Nos últimos seis anos, Soares virou uma das vozes mais ativas do movimento paliativista brasileiro. Ela lançou os livros Enquanto Eu Respirar, em 2019, e Vida Inteira, em 2020, ambos pela Editora Sextante, cuida da conta de Instagram @paliativas, que tem mais de 120 mil seguidores, e coordena a Casa Paliativa, um espaço de convivência para pacientes com enfermidades que ameaçam a vida.
“Eu posso até estar com uma doença grave. Mesmo assim, ainda vale a pena viver da melhor forma possível”, raciocina.
Dez anos depois do diagnóstico de câncer, Soares segue em tratamento, mas conta que conseguiu conviver melhor com a doença graças aos cuidados palilativos.
Do pouco conhecimento ao olho do furacão
Nas últimas semanas, os cuidados paliativos foram alvo de um intenso debate por causa da CPI da Covid. O assunto veio à tona pela primeira vez no dia 22 de setembro, quando os parlamentares que compõem a comissão ouviram o médico Pedro Benedito Batista Junior, diretor da Prevent Senior. Na ocasião, o senador Otto Alencar (PSD-BA) afirmou que a operadora de saúde criou a figura do “paliatista”.
“Ouvi muitos médicos dizendo, confirmando, que tiravam [o paciente com covid-19] da UTI, botavam na enfermaria e faziam a ‘paliatização’. O seu hospital criou uma nova especialidade: ‘paliatistas'”, declarou o senador.
Ao ser perguntado o que significava esse termo, Alencar explicou: “Ao contrário de fazer o tratamento correto dentro da UTI […], o que acontecia? O paciente ficava sete dias. ‘Esse aqui não vai ter jeito, vai para a enfermaria e vai tomar paliativos’. Por isso, chama-se ‘paliatização’ […] Acredito que é um absurdo…”

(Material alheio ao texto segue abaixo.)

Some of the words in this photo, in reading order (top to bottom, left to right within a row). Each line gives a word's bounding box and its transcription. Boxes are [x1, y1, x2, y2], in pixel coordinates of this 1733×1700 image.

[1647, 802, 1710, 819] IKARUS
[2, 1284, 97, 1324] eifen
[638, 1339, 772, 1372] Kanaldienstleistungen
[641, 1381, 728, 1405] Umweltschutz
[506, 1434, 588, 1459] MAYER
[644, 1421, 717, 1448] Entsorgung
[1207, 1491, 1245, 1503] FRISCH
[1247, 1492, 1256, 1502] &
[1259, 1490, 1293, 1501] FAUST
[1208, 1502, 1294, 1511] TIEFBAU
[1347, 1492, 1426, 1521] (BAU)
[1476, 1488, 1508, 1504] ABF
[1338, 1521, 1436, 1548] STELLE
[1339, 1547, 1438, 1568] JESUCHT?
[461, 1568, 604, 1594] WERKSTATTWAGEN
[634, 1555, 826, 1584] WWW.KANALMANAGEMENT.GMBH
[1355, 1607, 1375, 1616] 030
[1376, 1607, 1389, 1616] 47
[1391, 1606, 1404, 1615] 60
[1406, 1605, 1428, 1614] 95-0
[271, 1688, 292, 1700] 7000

No mesmo dia e nas outras reuniões que se seguiram, membros da CPI e os próprios depoentes fizeram uma série de outras afirmações relacionadas a esse tópico. Alguns chegaram a dizer, de forma equivocada, que cuidados paliativos só são ofertados à beira da morte e que a prática é similar à eutanásia.
O tema voltou a esquentar na sessão do dia 7 de outubro, quando o advogado Tadeu Frederico de Andrade, de 65 anos, compareceu à comissão e prestou seu relato após ficar internado com covid-19 num hospital da Prevent Senior e ouvir falar em cuidados paliativos.

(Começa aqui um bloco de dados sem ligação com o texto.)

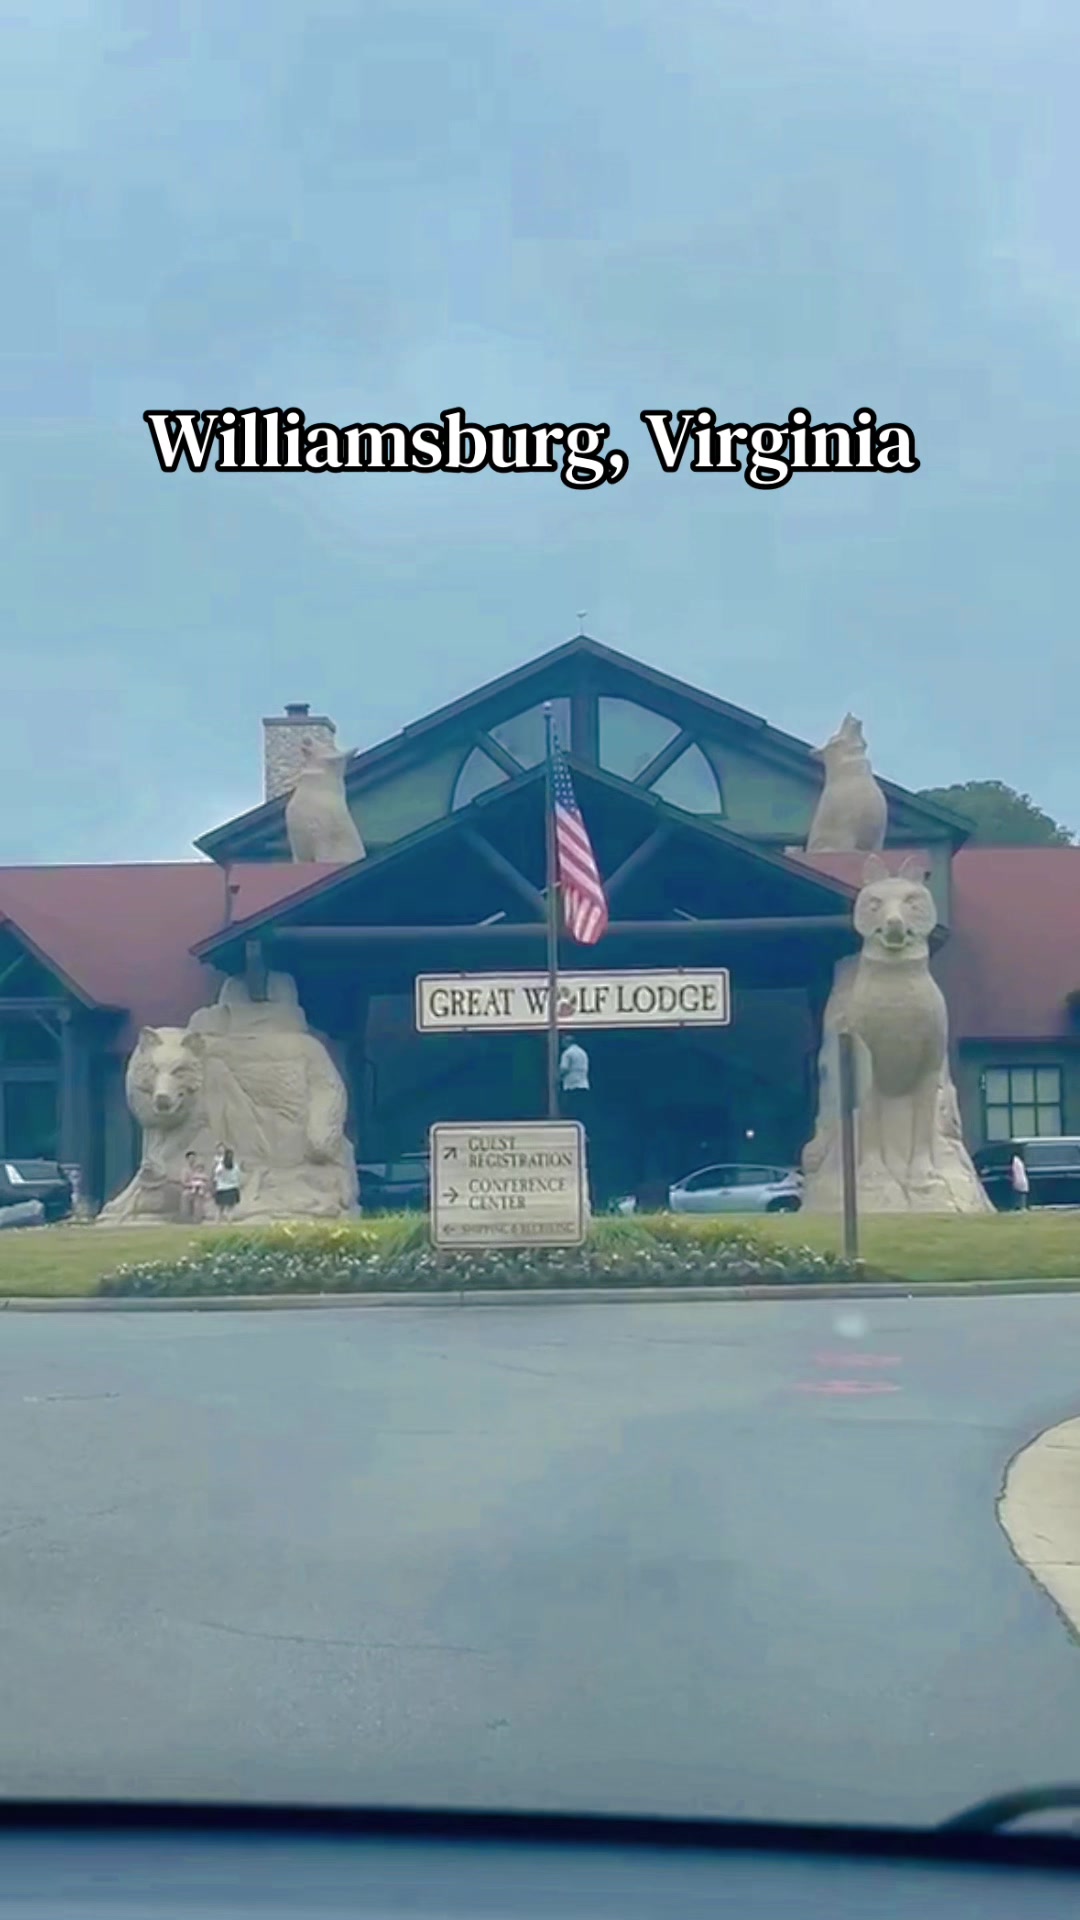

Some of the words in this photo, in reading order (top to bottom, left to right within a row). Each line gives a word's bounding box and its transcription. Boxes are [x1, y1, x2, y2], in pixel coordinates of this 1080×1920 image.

[429, 988, 514, 1018] GREAT
[617, 984, 718, 1013] LODGE
[468, 1136, 516, 1151] GUEST
[468, 1152, 573, 1168] REGISTRATION
[468, 1178, 566, 1193] CONFERENCE
[468, 1195, 526, 1210] CENTER

Após toda essa exposição inesperada, entidades como a Academia Nacional de Cuidados Paliativos (ANCP) soltaram notas de repúdio às alegações e às formas como essa especialidade foi tratada. Parte desse material, inclusive, foi lido na própria CPI pelo senador Humberto Costa (PT-PE) na sessão do dia 29 de setembro.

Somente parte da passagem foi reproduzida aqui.